__Assigned task__
Copy every line of the data exactly, keeping out any picture.

__Dataset entries__
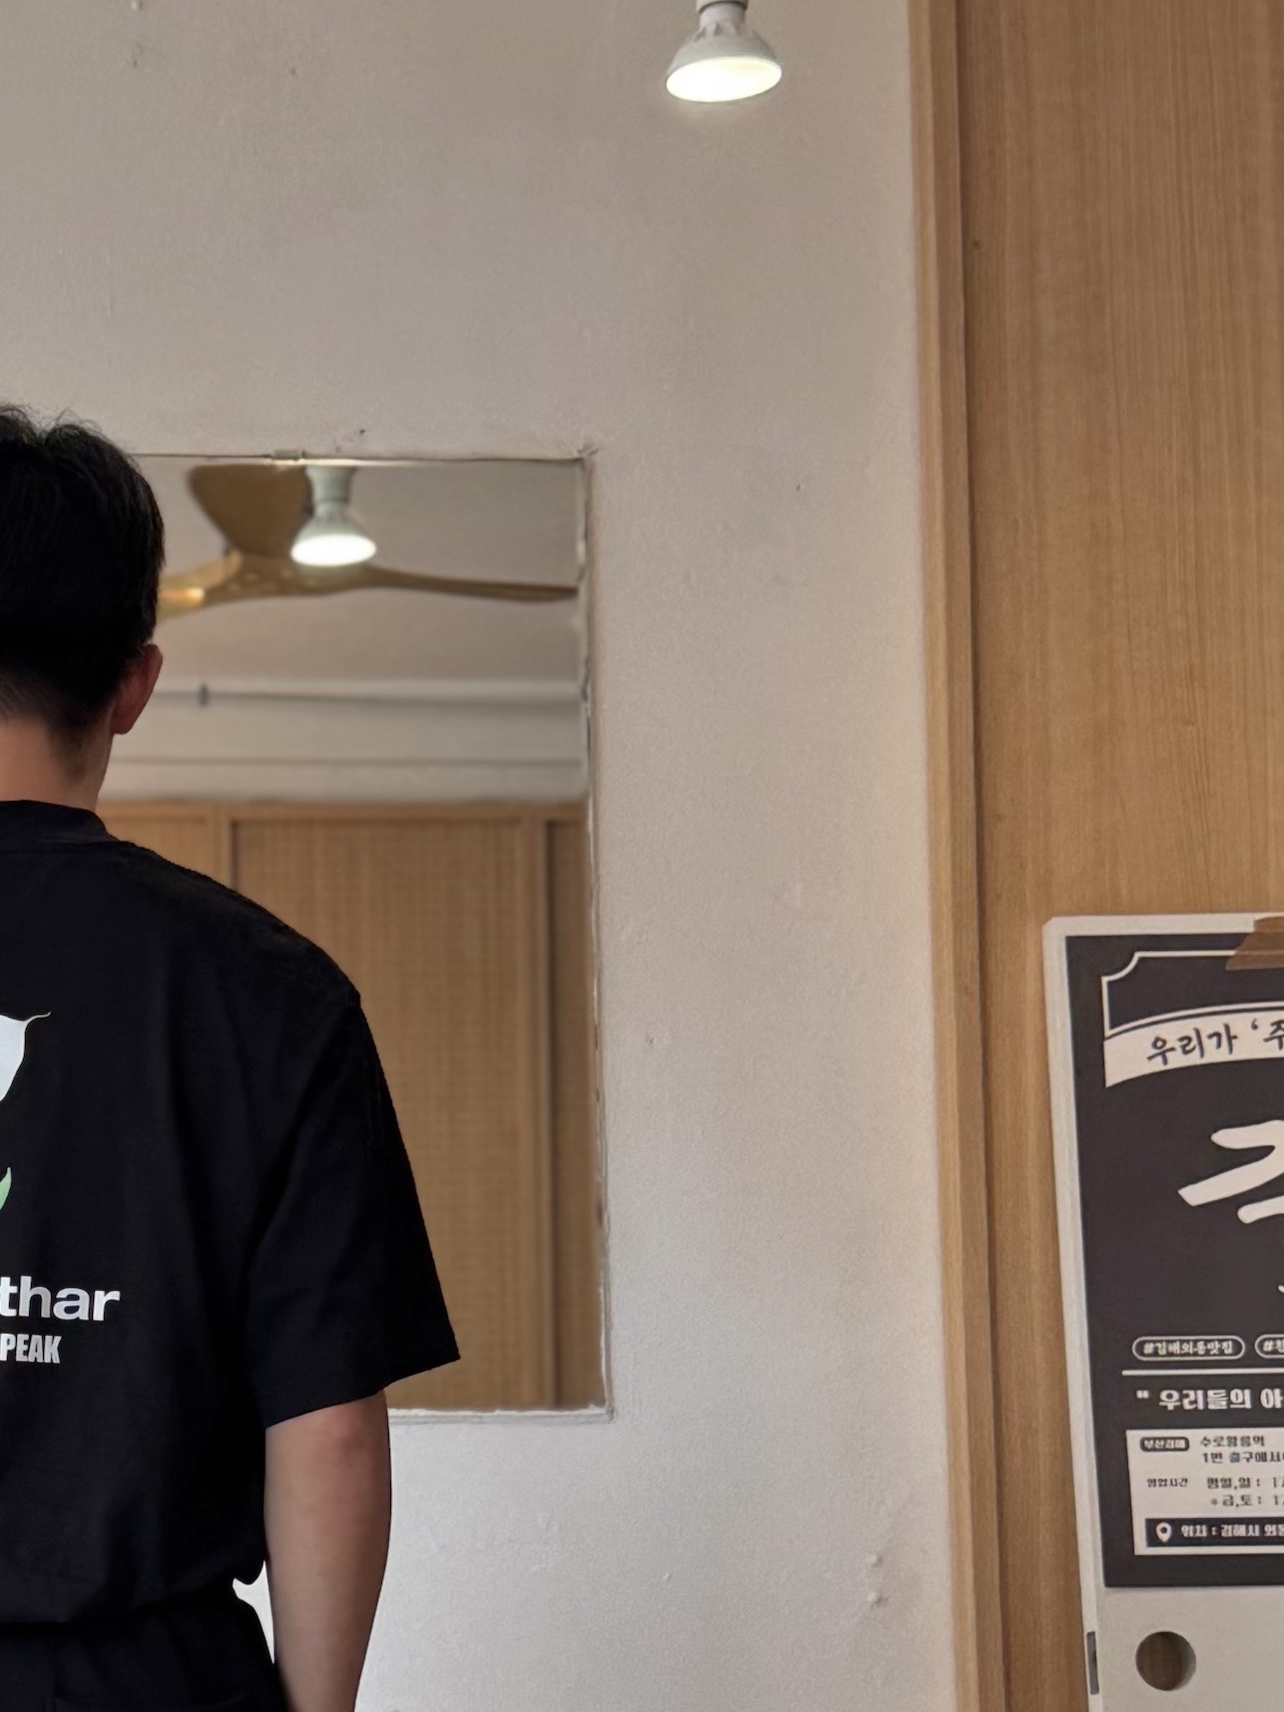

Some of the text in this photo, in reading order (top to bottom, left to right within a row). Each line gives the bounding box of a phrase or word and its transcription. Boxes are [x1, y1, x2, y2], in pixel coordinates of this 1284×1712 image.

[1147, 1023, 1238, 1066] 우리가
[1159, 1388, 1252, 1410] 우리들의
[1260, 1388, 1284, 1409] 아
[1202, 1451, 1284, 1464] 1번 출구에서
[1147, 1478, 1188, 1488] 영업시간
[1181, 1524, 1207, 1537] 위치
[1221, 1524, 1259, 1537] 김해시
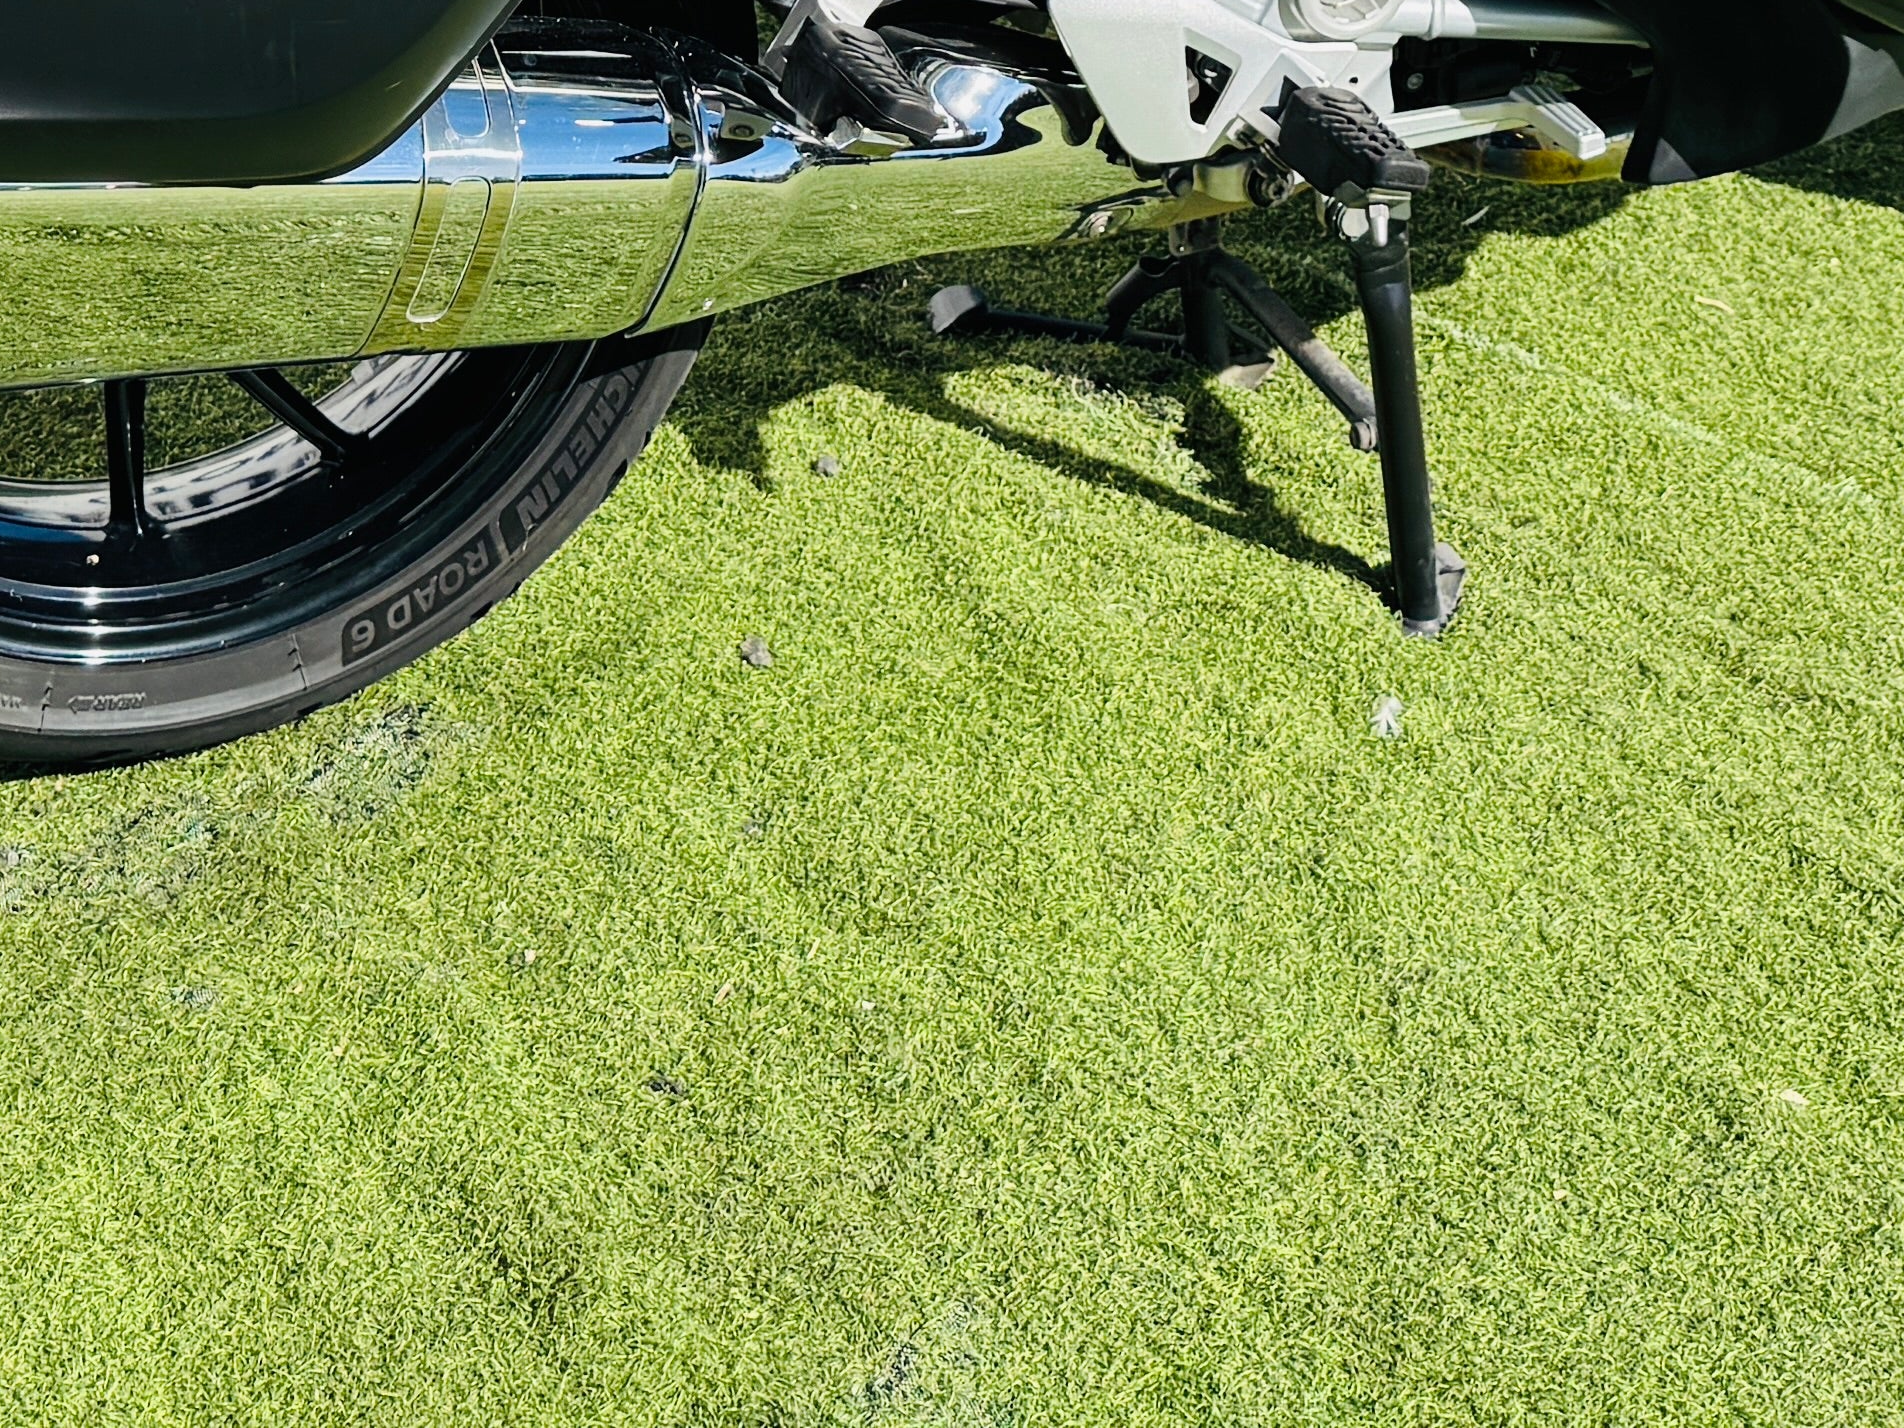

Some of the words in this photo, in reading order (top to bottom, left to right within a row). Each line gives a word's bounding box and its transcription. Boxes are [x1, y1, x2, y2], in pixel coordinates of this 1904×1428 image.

__Expected answer__
Some of the text in this photo, in reading order (top to bottom, left to right within a row). Each line gives the bounding box of a phrase or word and its transcription. Boxes are [x1, y1, x2, y2], in pixel coordinates of this 1284×1712 image.

[1147, 1023, 1238, 1066] 우리가
[1159, 1388, 1252, 1410] 우리들의
[1260, 1388, 1284, 1409] 아
[1202, 1451, 1284, 1464] 1번 출구에서
[1147, 1478, 1188, 1488] 영업시간
[1181, 1524, 1207, 1537] 위치
[1221, 1524, 1259, 1537] 김해시

Some of the words in this photo, in reading order (top to bottom, left to right within a row). Each line gives a word's bounding box and its transcription. Boxes are [x1, y1, x2, y2], in pixel coordinates of this 1904×1428 image.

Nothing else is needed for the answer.